House Democrats on Tuesday introduced a short-term government funding bill that will fund the government through December this year as well as suspend the debt limit until December 2022. Congress needs to pass a continuing resolution to fund the government by Oct. 6, or else there will be a shutdown until lawmakers agree to resolve their differences and pass a spending bill. 

The 94-page bill includes $28.6 billion for disaster aid; $6.3 billion to resettle Afghan refugees; and language requested by Republicans to have the Pentagon issue a report on equipment left behind in Afghanistan, Politico reported. 


House Speaker Nancy Pelosi (D-Calif.) and Senate Majority Leader Chuck Schumer (D-N.Y.) announced Monday that the debt limit would be tied to the government funding bill, setting up a confrontation with Senate Republicans, who have vowed to oppose any increase in the debt limit until Democrats agree to cut government spending. 

However, a provision in the Democratic bill to spend $1 billion funding Israel's Iron Dome anti-missile defense system infuriated progressive lawmakers. According to multiple congressional reporters, progressives told House Democratic leaders they would vote against the bill unless the money for Israel was removed. 

According to Politico's Andrew Desiderio, the rebel group of lawmakers includes Reps. Alexandria Occasio-Cortez (D-N.Y.), Ilhan Omar (D-Minn.), and Rashida Tlaib (D-Mich.). 

House Minority Leader Kevin McCarthy (R-Calif.) said on Tuesday that Democratic leaders gave in to the demands of progressives and removed the controversial language from the spending bill. 

If either Democrats in the House or Republicans in the Senate decline to pass the continuing resolution, the government will shut down on Oct. 6. If the government shuts down, non-essential government employees will be furloughed and national park services and other federally managed agencies will be temporarily closed. The last government shutdown occurred in December 2018 under President Donald Trump and lasted for 35 days, the longest in U.S. history. 

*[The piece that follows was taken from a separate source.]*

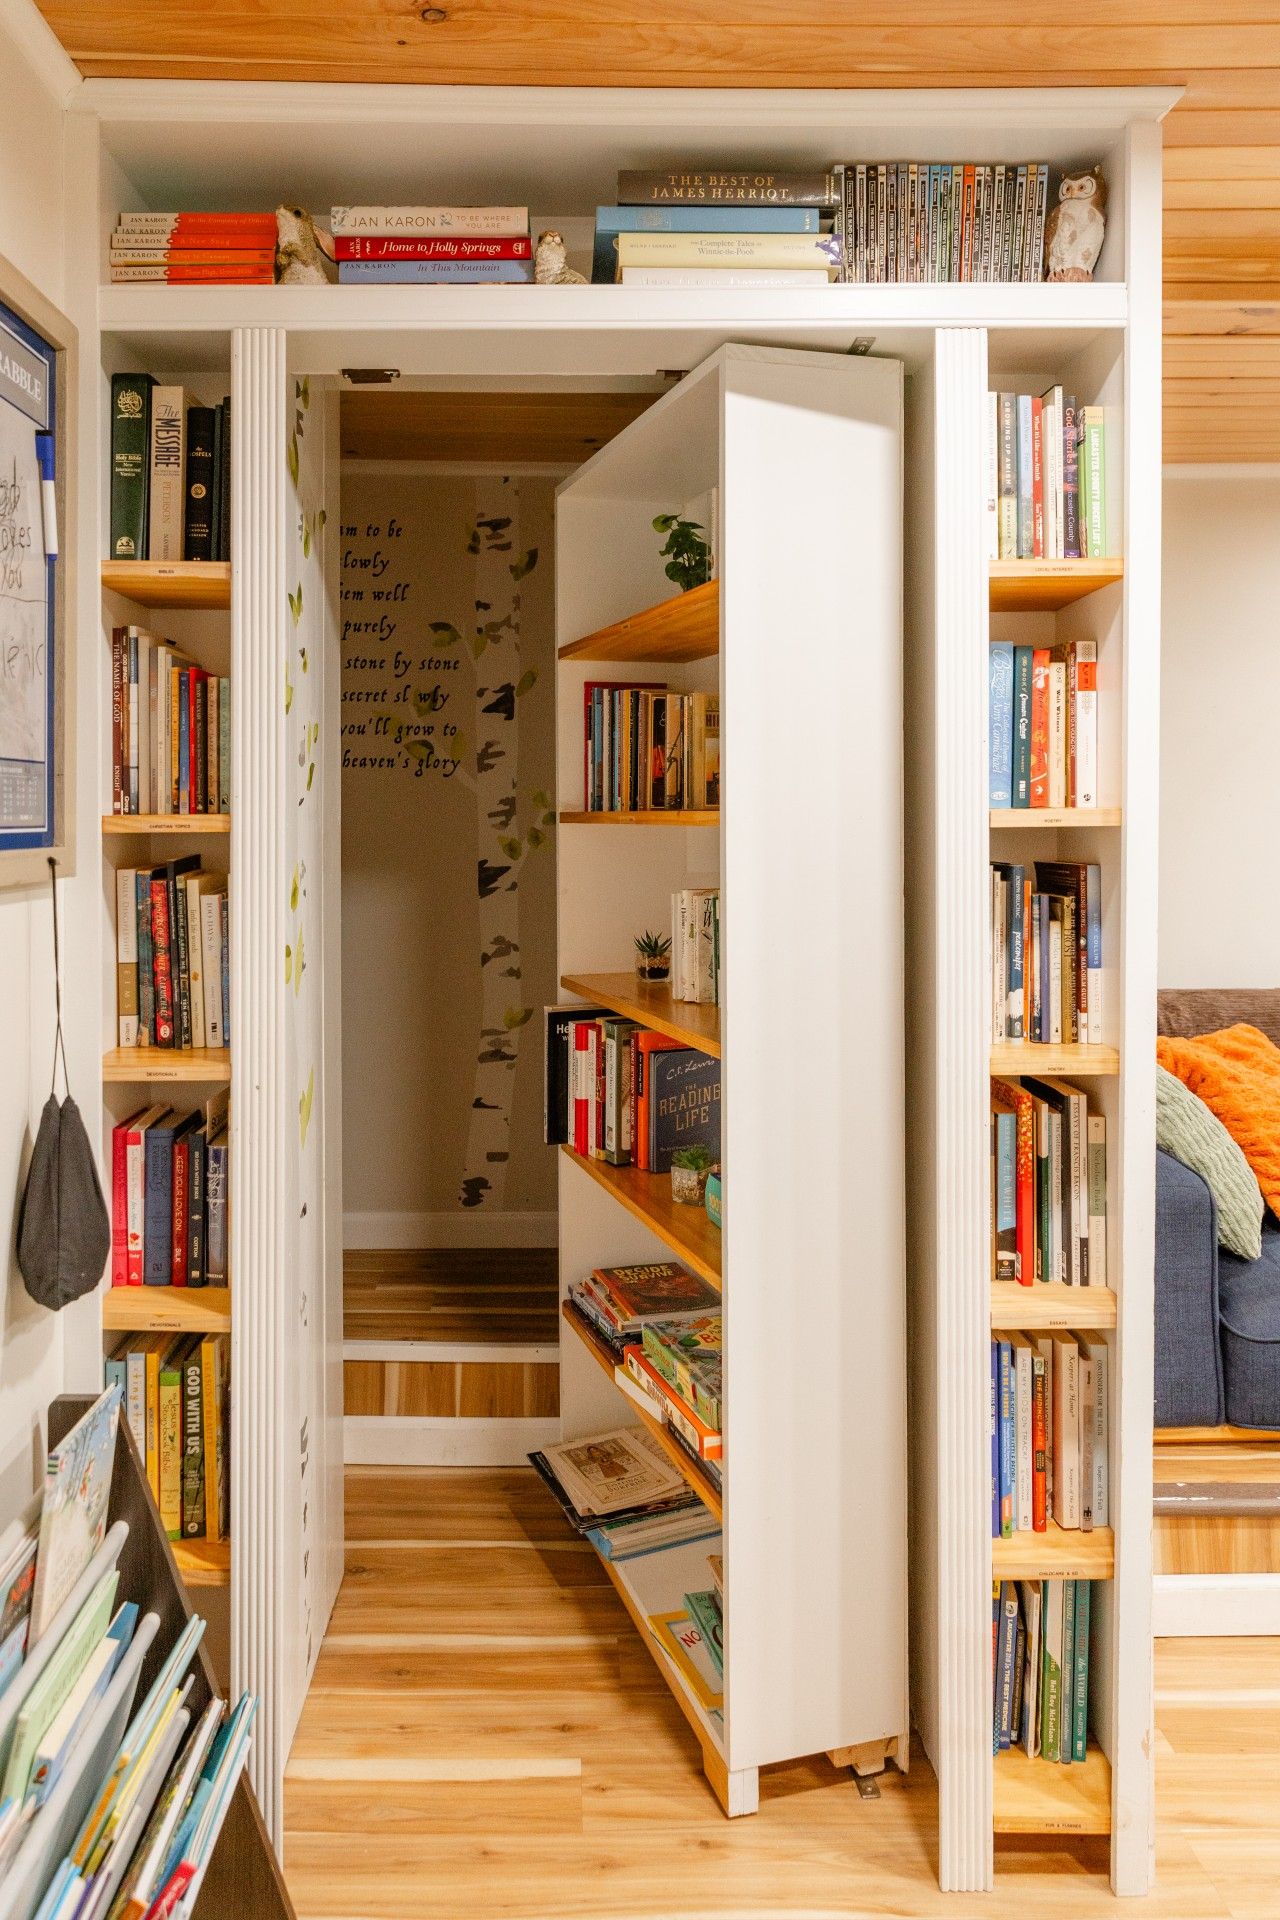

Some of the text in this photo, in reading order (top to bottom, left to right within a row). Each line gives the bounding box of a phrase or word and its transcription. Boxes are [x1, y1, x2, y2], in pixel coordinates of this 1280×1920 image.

More important than a potential shutdown is the debt limit. Failure to increase the debt limit — the amount of money the government is allowed to borrow to cover its payments — would potentially mean Congress would be unable to make its interest payments on the debt. Treasury Secretary Janet Yellen has warned that failure to make the debt payment could "precipitate a historic financial crisis" and risk "widespread economic catastrophe."

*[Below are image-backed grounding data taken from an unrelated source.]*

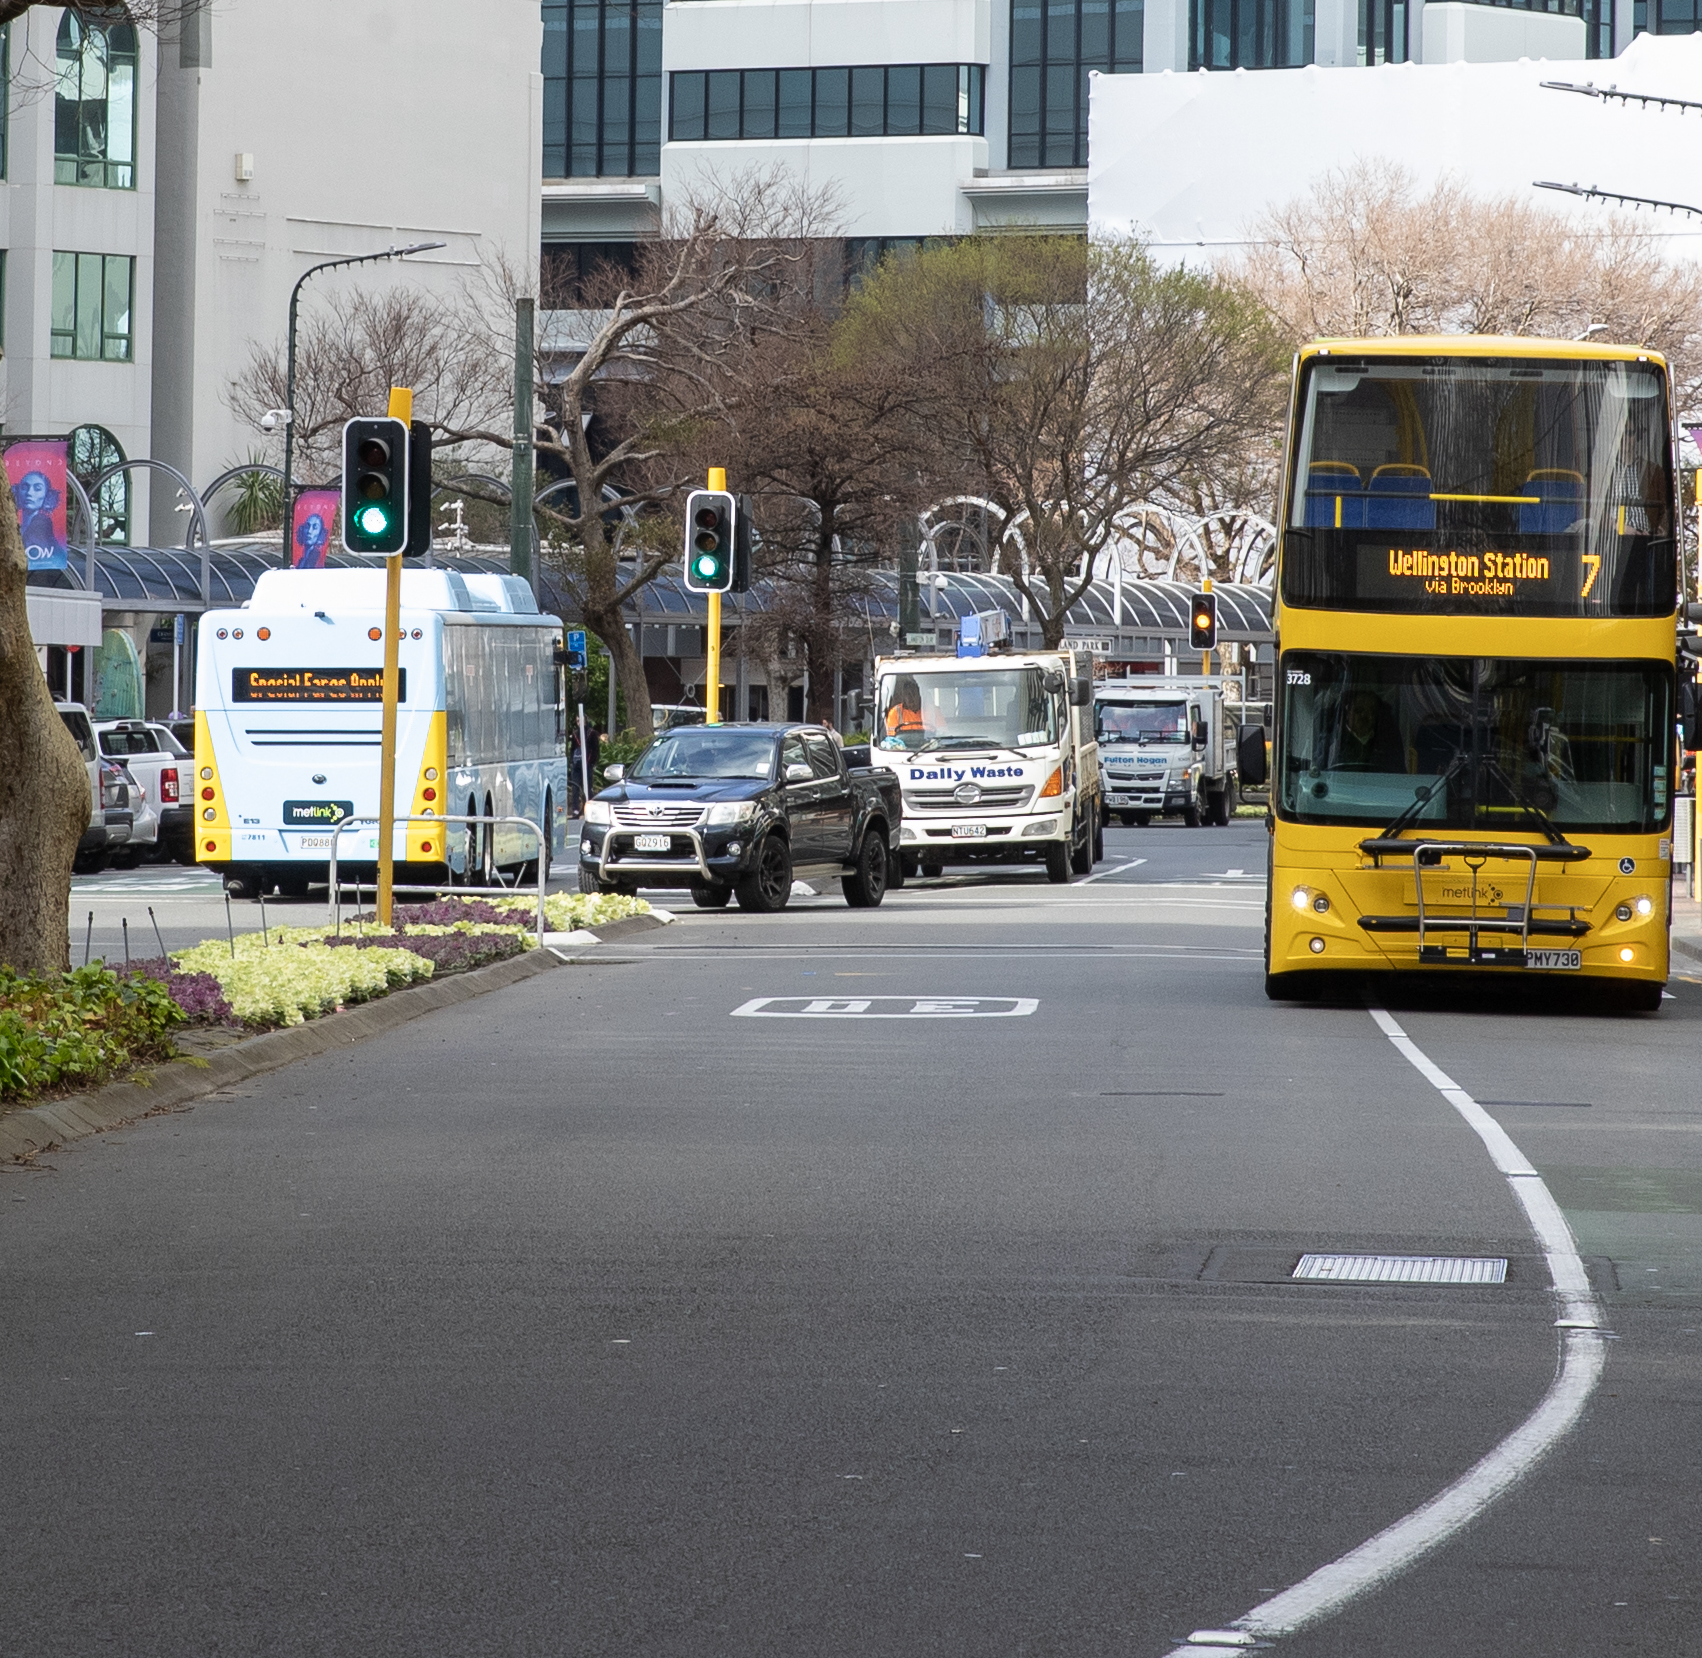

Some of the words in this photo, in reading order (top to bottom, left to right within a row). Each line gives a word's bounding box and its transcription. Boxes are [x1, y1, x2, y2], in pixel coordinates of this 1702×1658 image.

[1389, 549, 1480, 576] Wellington
[1484, 552, 1549, 579] Station
[1581, 554, 1600, 597] 7
[1425, 576, 1447, 593] via
[1451, 577, 1514, 595] Brooklyn
[1082, 641, 1099, 651] PARK
[1286, 674, 1311, 685] 3728
[1104, 755, 1135, 764] Fulton
[1136, 756, 1168, 765] Hogan
[970, 766, 1024, 779] Waste
[292, 806, 332, 818] metlink
[247, 833, 266, 841] 7811
[953, 825, 985, 837] NTU642
[1442, 886, 1488, 899] metlink
[1528, 952, 1580, 967] PMY730

By withholding GOP votes for a debt limit increase, Democrats are blaming Republicans for risking government default. 

"Addressing the debt limit is about meeting obligations the government has already made, like the bipartisan emergency COVID relief legislation from December as well as vital payments to Social Security recipients and our veterans," Pelosi and Schumer wrote in a statement. "Furthermore, as the Administration warned last week, a reckless Republican-forced default could plunge the country into a recession."

They are also accusing Republicans of hypocrisy for supporting a nearly $8 trillion increase in the national debt and raising the debt limit three times over the four years President Donald Trump was in office. 

Republicans, meanwhile, are saying that Democrats can use budget reconciliation to circumvent a filibuster and pass an increase in the debt limit without their support. 

"[Democrats] got the votes to keep us from defaulting, let's see what they do," Sen. Richard Shelby (R-Ala.) told Insider.